Ma Xiaobin, Hong Liang
Yunnan Institute of Medical Device Testing, Kunming, 650106.
School of Pharmaceutical Science & Yunnan Key Laboratory of Pharmacology for Natural Products, Kunming Medical University, Kunming, 650500.
Zhongguo Yi Liao Qi Xie Za Zhi. 2022 Jul 30;46(4):433-437. doi: 10.3969/j.issn.1671-7104.2022.04.017.
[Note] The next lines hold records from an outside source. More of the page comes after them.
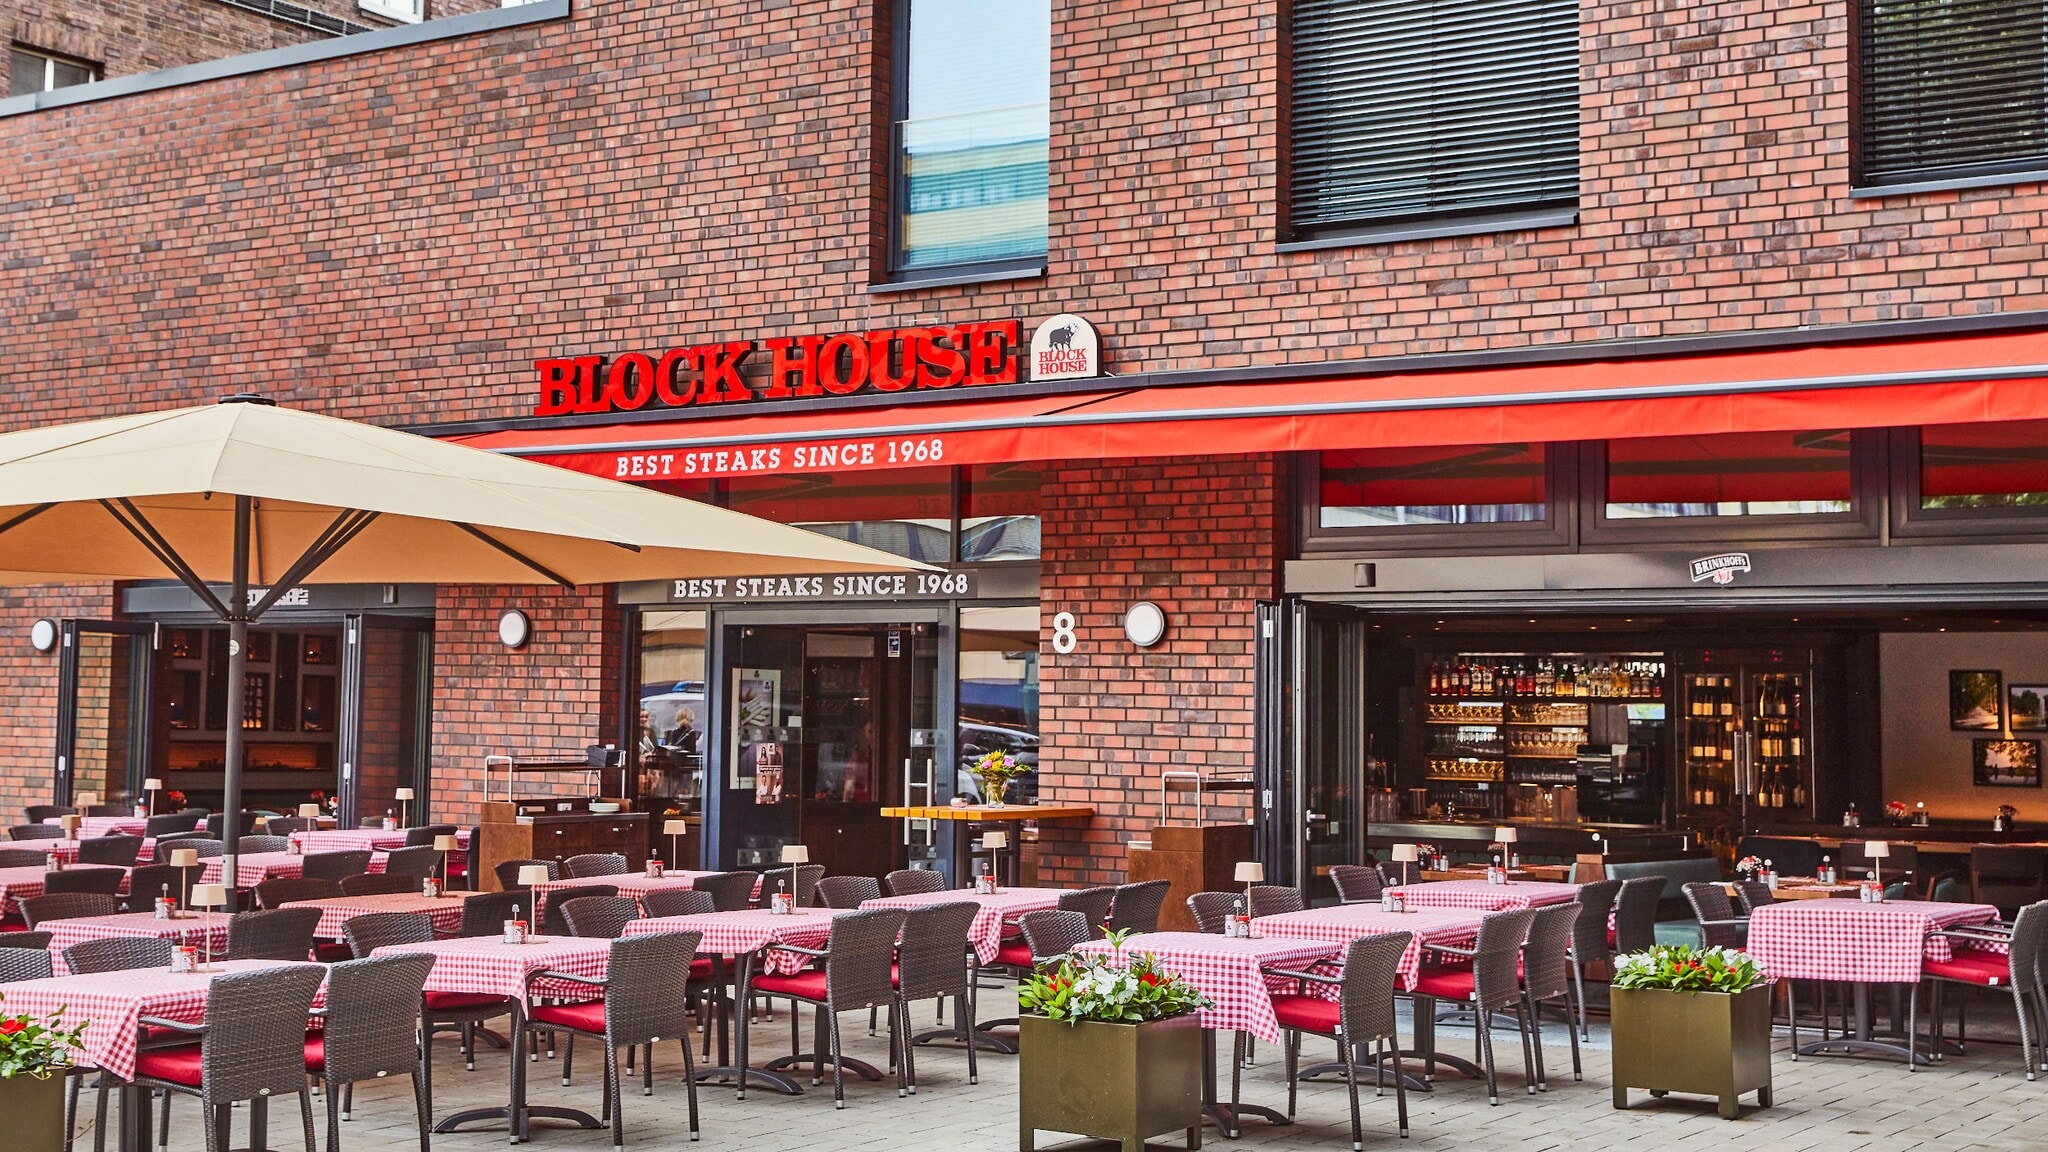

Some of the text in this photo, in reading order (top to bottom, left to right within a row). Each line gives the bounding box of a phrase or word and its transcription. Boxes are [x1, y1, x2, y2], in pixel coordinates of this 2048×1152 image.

[534, 320, 1017, 416] BLOCK HOUSE
[1039, 348, 1087, 363] BLOCK
[1039, 360, 1087, 375] HOUSE
[616, 438, 943, 477] BEST STEAKS SINCE 1968
[674, 573, 968, 598] BEST STEAKS SINCE 1968
[1053, 612, 1076, 654] 8
This paper studies the necessity of the current legislation on the supervision of medical devices in China from the perspectives of strengthening administration according to law, protecting public health, perfecting the legal system of medicine and promoting the development of the medical device industry. This study analyzes and summarizes the legislative experiences and forms in the field of medical device regulation in the United States, the European Union, Japan and other countries and regions, at present, the conditions of carrying out the legislation of medical device supervision in China are quite mature, and some policy suggestions are put forward for the enactment .
本文从加强依法行政、保护公众健康、完善医药法律体系以及促进医疗器械产业发展等角度,研究我国现行医疗器械监管立法的必要性。本研究分析总结了美国、欧盟、日本等国家和地区在医疗器械监管领域的立法经验和形式,目前我国开展医疗器械监管立法的条件已相当成熟,并针对立法提出了一些政策建议。